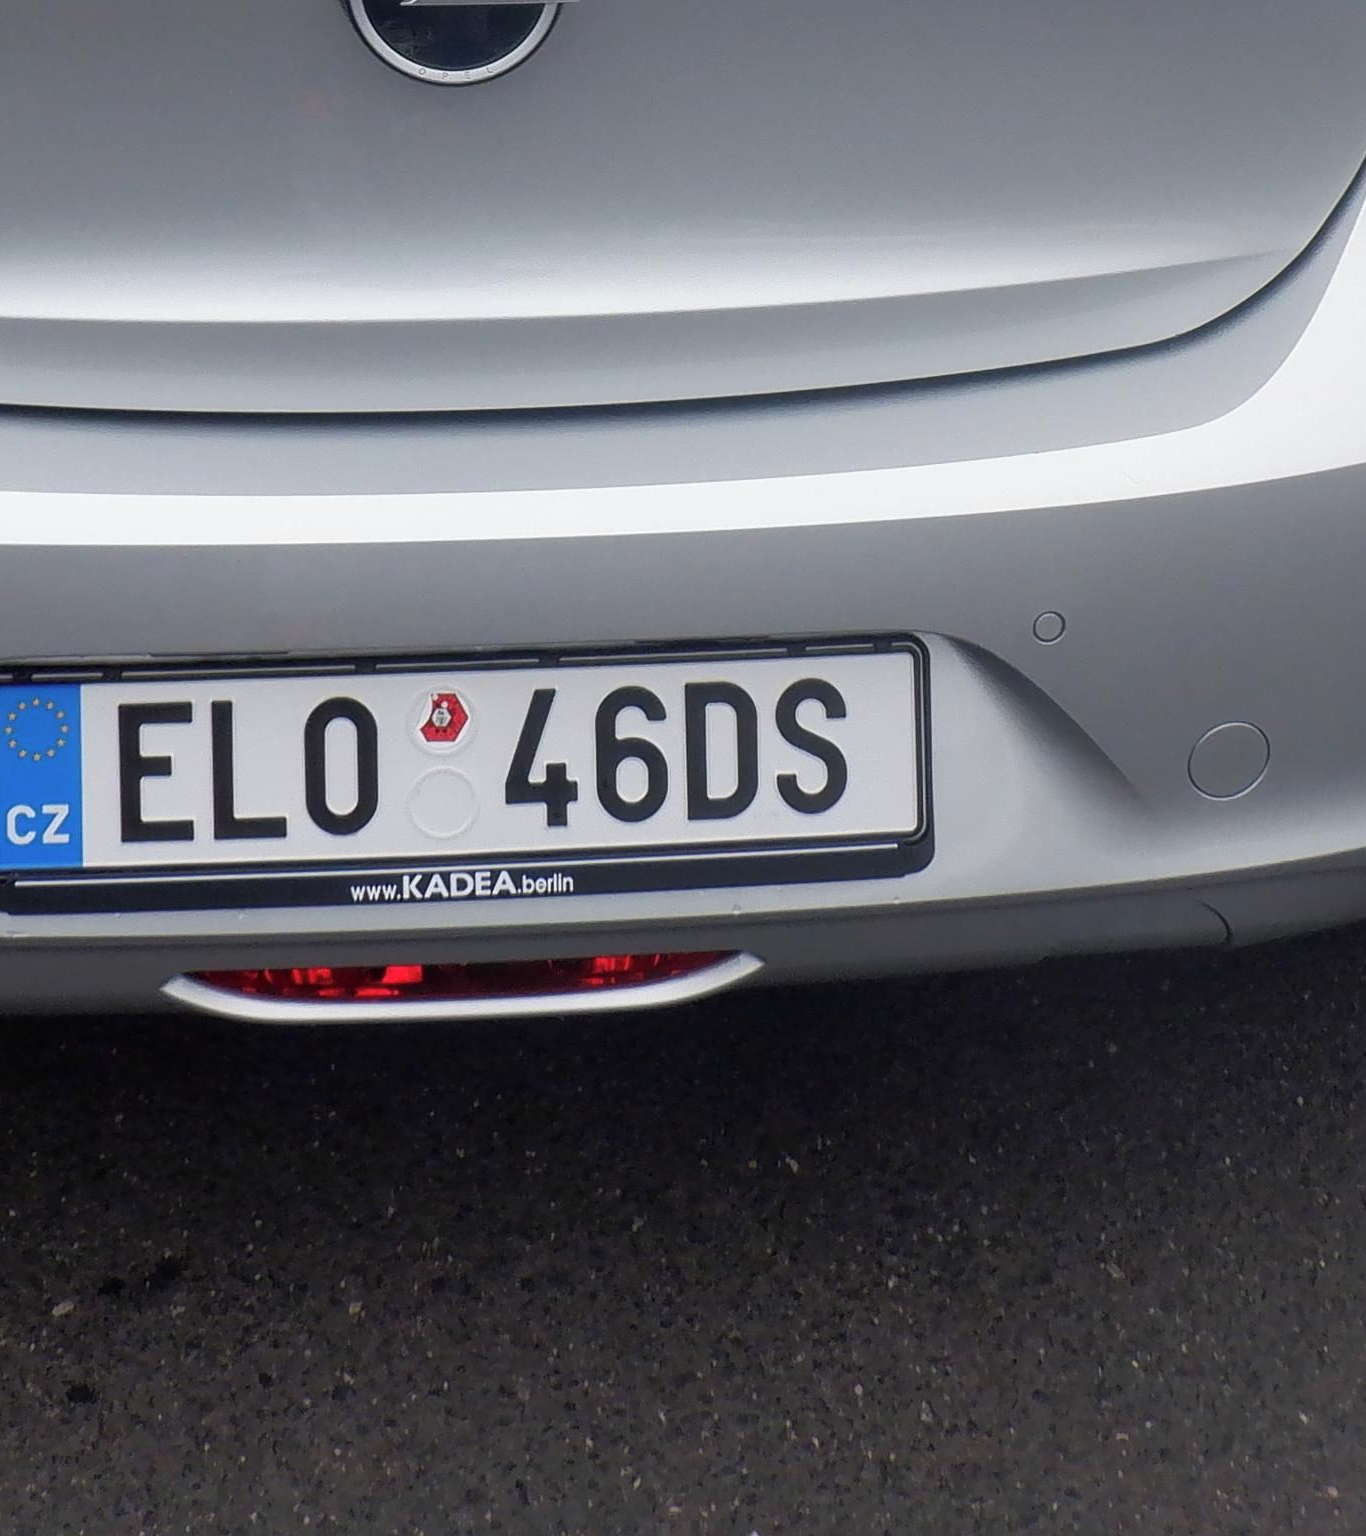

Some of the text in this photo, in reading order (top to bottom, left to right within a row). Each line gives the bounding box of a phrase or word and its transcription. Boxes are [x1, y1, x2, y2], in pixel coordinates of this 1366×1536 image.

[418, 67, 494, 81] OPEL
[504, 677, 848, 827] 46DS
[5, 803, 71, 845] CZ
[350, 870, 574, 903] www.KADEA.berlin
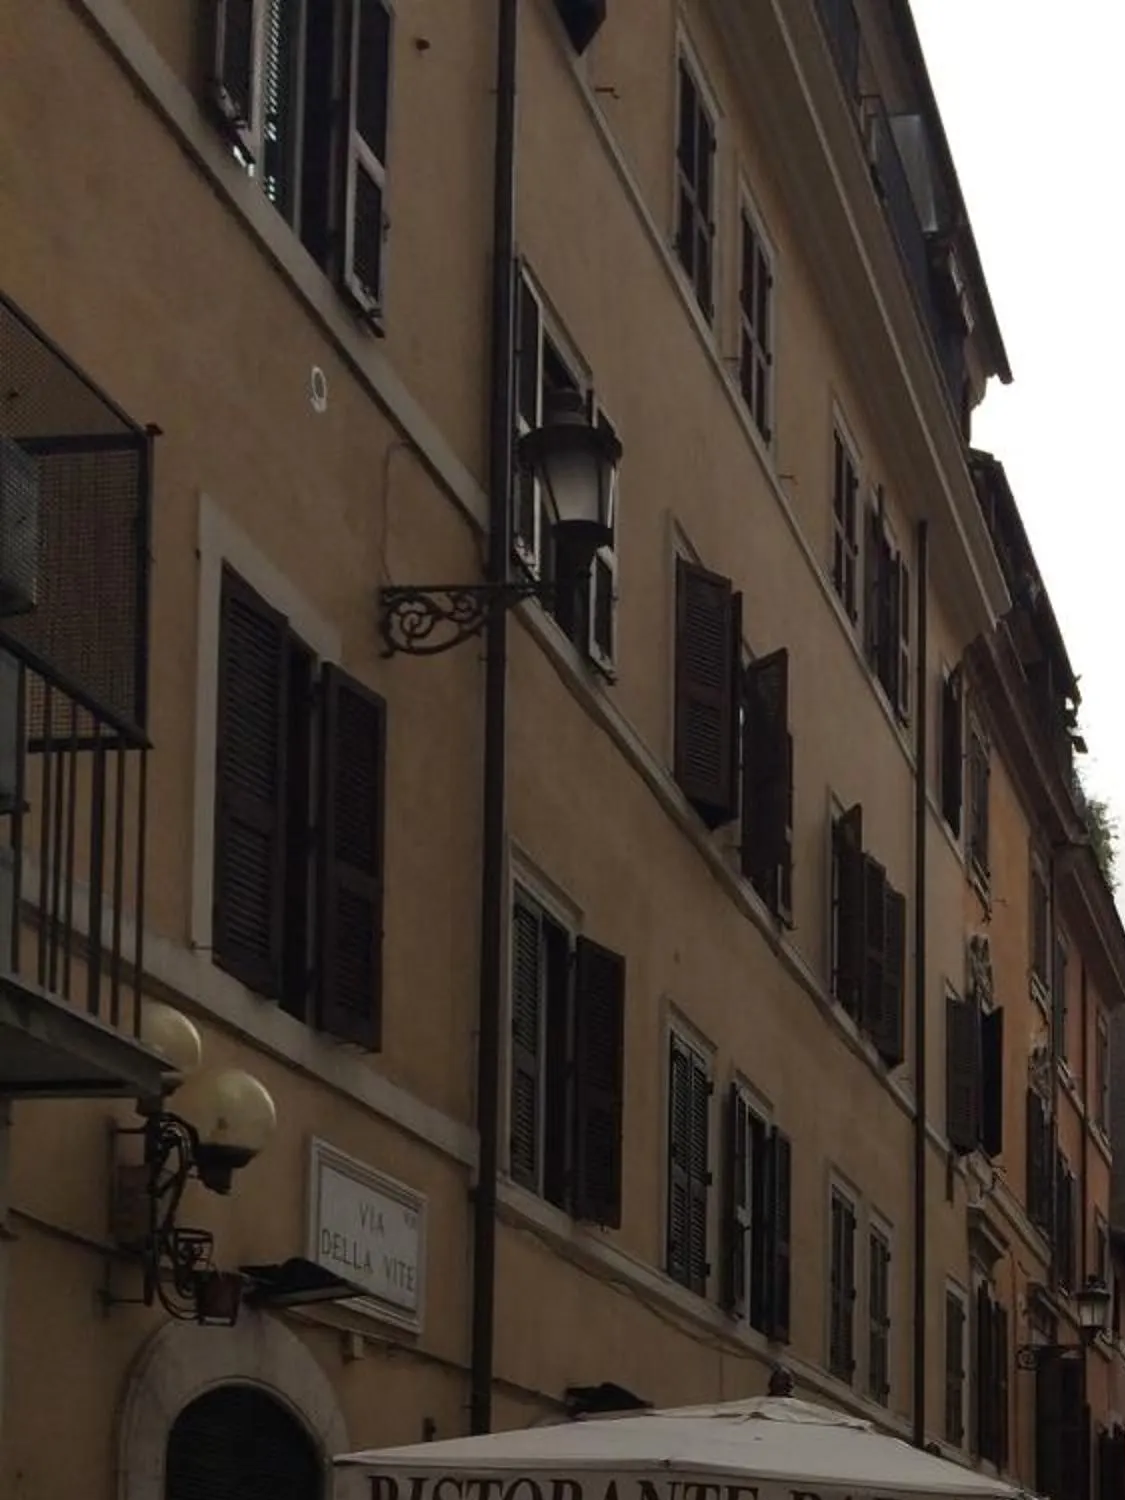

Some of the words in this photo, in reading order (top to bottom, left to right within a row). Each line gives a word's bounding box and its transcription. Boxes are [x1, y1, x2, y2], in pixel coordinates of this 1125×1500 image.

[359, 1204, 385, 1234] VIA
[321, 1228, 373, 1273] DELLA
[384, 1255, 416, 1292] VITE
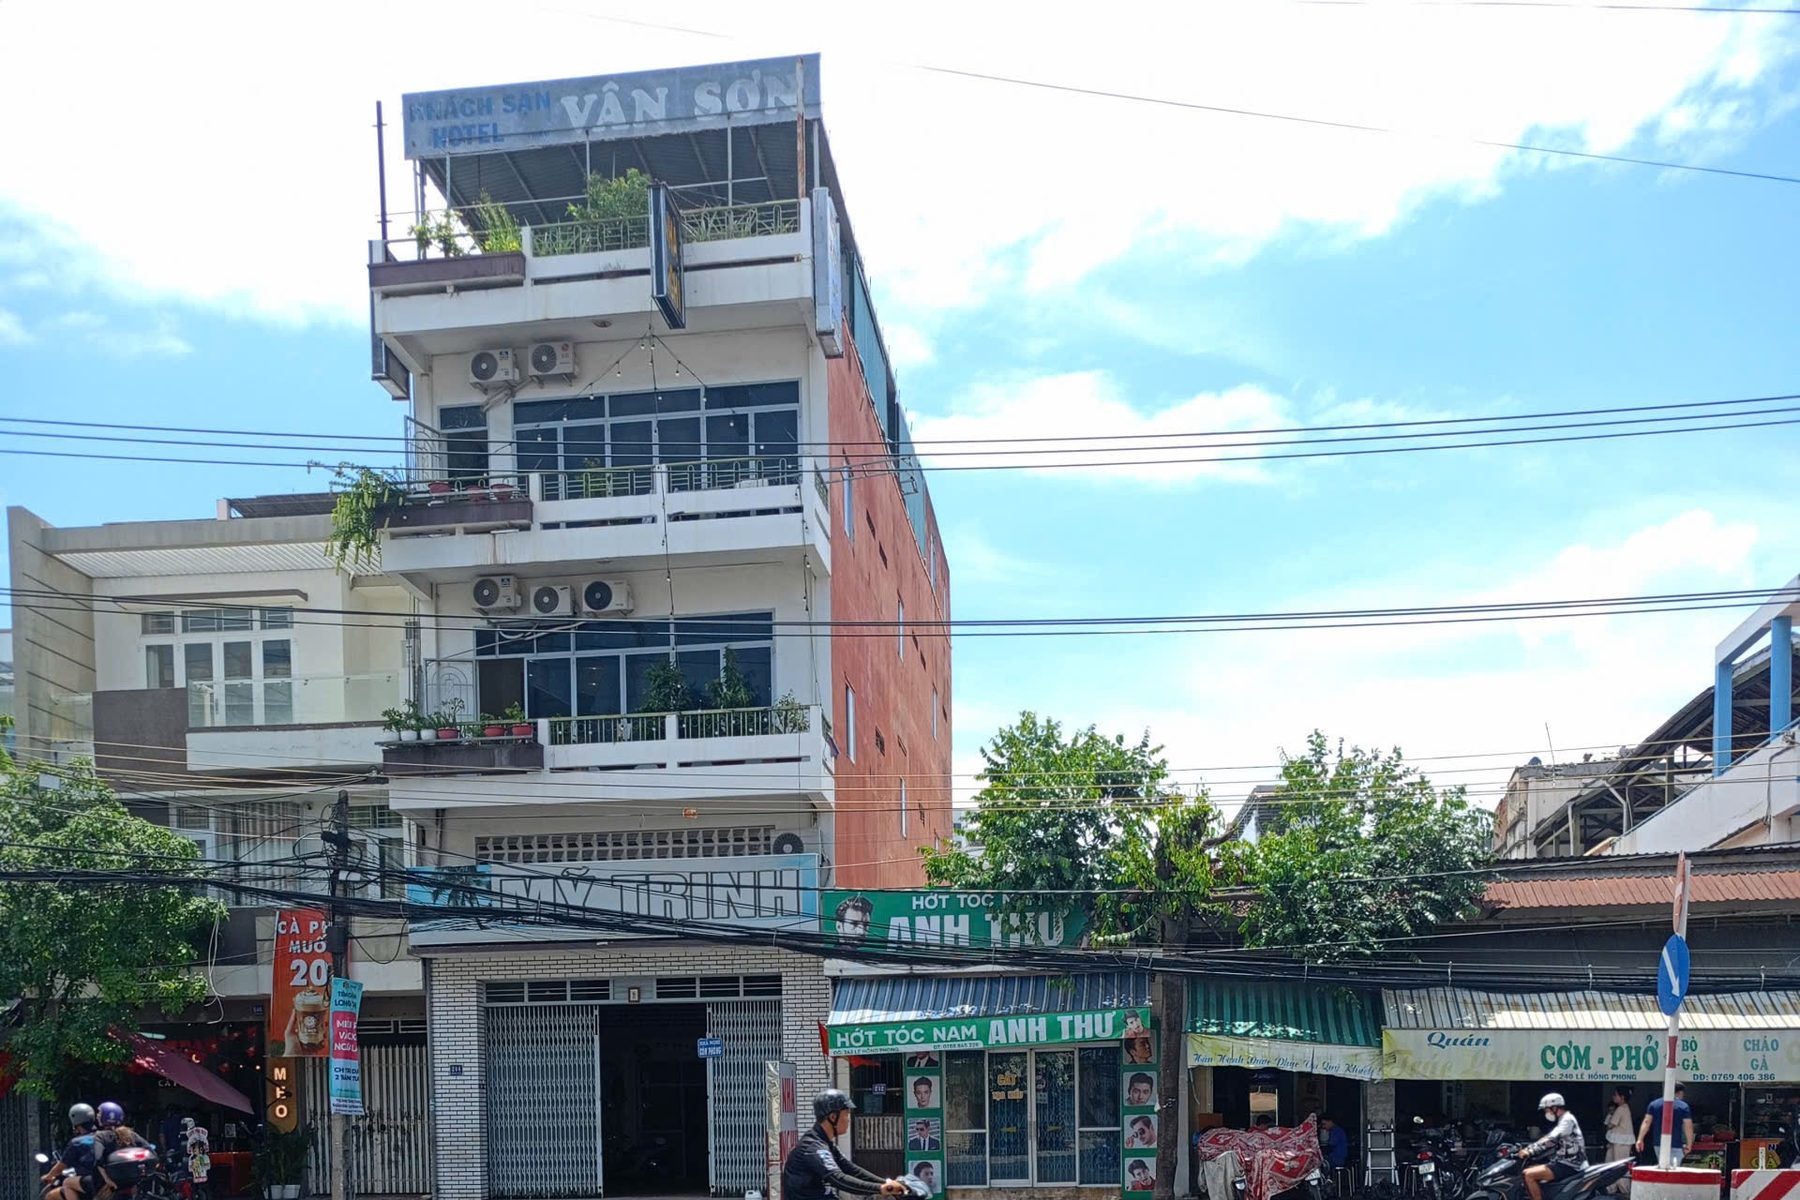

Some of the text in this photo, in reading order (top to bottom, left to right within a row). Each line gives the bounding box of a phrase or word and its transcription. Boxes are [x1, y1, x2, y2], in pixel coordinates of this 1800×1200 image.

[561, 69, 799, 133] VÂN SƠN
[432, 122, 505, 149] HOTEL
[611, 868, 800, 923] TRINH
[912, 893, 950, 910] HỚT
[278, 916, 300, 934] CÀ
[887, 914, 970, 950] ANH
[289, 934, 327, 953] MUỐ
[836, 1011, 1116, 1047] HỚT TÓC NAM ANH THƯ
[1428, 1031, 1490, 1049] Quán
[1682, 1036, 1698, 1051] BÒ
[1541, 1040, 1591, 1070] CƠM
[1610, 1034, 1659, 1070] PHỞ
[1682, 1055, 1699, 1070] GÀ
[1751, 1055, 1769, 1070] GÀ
:::
Problem description
Transcribe the records in full and exactly. Pictures stay out.

Answer to this exercise
Some of the text in this photo, in reading order (top to bottom, left to right within a row). Each line gives the bounding box of a phrase or word and its transcription. Boxes are [x1, y1, x2, y2], in pixel coordinates of this 1366×1536 image.

[418, 67, 494, 81] OPEL
[504, 677, 848, 827] 46DS
[5, 803, 71, 845] CZ
[350, 870, 574, 903] www.KADEA.berlin

Some of the words in this photo, in reading order (top to bottom, left to right within a row). Each line gives a word's bounding box and its transcription. Boxes are [x1, y1, x2, y2], in pixel coordinates of this 1125×1500 image.

[359, 1204, 385, 1234] VIA
[321, 1228, 373, 1273] DELLA
[384, 1255, 416, 1292] VITE

Some of the text in this photo, in reading order (top to bottom, left to right within a row). Each line gives the bounding box of a phrase or word and its transcription. Boxes are [x1, y1, x2, y2], in pixel coordinates of this 1800×1200 image.

[561, 69, 799, 133] VÂN SƠN
[432, 122, 505, 149] HOTEL
[611, 868, 800, 923] TRINH
[912, 893, 950, 910] HỚT
[278, 916, 300, 934] CÀ
[887, 914, 970, 950] ANH
[289, 934, 327, 953] MUỐ
[836, 1011, 1116, 1047] HỚT TÓC NAM ANH THƯ
[1428, 1031, 1490, 1049] Quán
[1682, 1036, 1698, 1051] BÒ
[1541, 1040, 1591, 1070] CƠM
[1610, 1034, 1659, 1070] PHỞ
[1682, 1055, 1699, 1070] GÀ
[1751, 1055, 1769, 1070] GÀ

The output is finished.